Siemens and NVIDIA have announced a major expansion of their long-standing strategic partnership, signaling a decisive push to embed artificial intelligence directly into real-world industrial environments. The collaboration is focused on developing industrial and physical AI solutions that move beyond digital experimentation, enabling AI-driven innovation across manufacturing, infrastructure, and multiple heavy industries while accelerating both companies’ operational capabilities.
At the center of the partnership is a shared vision to transform how the physical world is designed, built, and operated. Roland Busch, President and CEO of Siemens AG, underscored this ambition, stating, “Together, we are building the Industrial AI operating system — redefining how the physical world is designed, built and run — to scale AI and create real-world impact.” The goal is to make AI a foundational layer of industrial systems, rather than a standalone digital tool.
NVIDIA’s role brings advanced accelerated computing and generative AI into Siemens’ industrial software ecosystem. Jensen Huang, founder and CEO of NVIDIA, highlighted the scale of the shift underway: “Generative AI and accelerated computing have ignited a new industrial revolution, transforming digital twins from passive simulations into the active intelligence of the physical world.” By combining NVIDIA Omniverse libraries with Siemens’ industrial operations software, factories can continuously analyze digital twins, simulate improvements in virtual environments, and translate proven insights directly onto the shopfloor.

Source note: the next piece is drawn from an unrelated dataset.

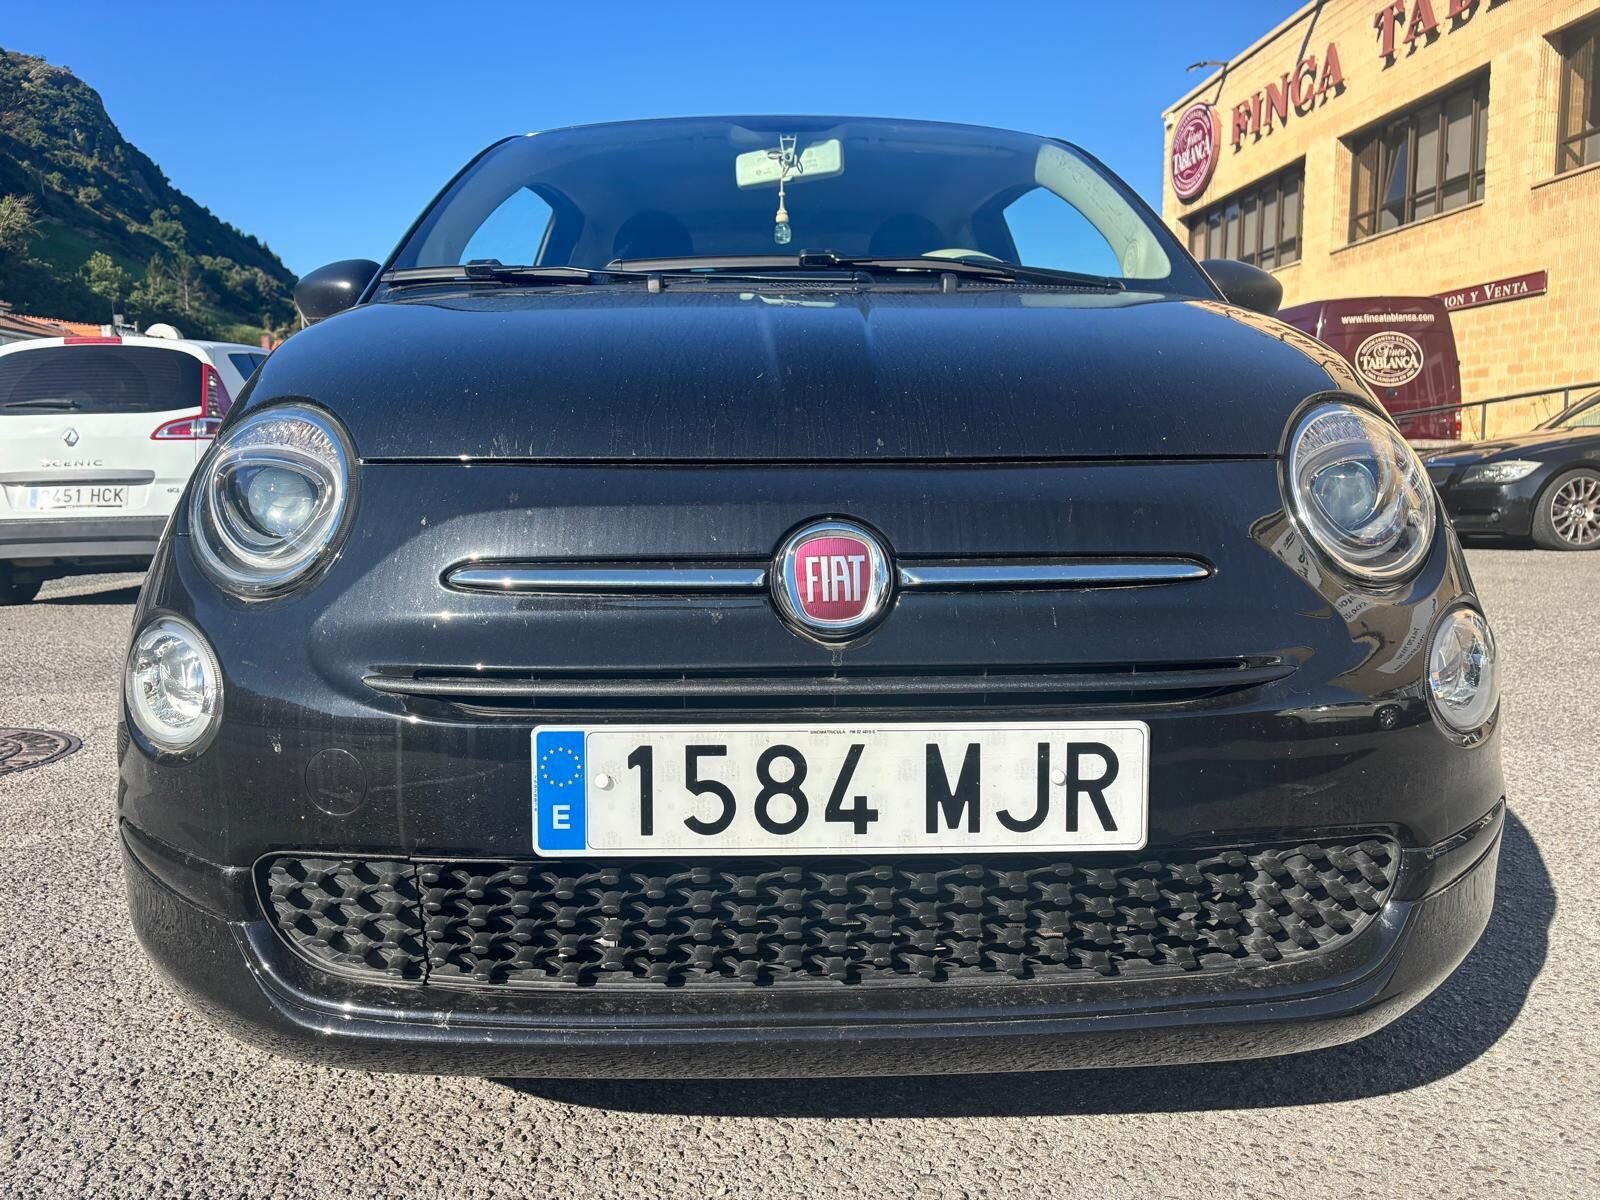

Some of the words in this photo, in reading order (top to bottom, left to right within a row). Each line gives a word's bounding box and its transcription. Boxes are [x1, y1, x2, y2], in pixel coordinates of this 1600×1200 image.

This closed-loop approach allows manufacturers to move faster from design to deployment, reducing risk while improving efficiency, quality, and reliability. AI-powered digital twins will evolve from static models into living systems that adapt in near real time, enabling more responsive decision-making across production lines and supply chains.
Beyond factory operations, the expanded partnership will also advance semiconductor design, AI factories, and next-generation manufacturing facilities. Siemens plans to complete GPU acceleration across its simulation portfolio and broaden support for NVIDIA CUDA-X libraries and AI-based physics models, strengthening performance and scalability for complex industrial workloads.
Looking ahead, the companies aim to develop what they describe as the world’s first fully AI-driven, adaptive manufacturing sites. This vision will begin taking physical form in 2026, with the Siemens Electronics Factory in Erlangen, Germany, serving as the first blueprint. The initiative marks a significant step toward making AI a core driver of industrial productivity and innovation at global scale.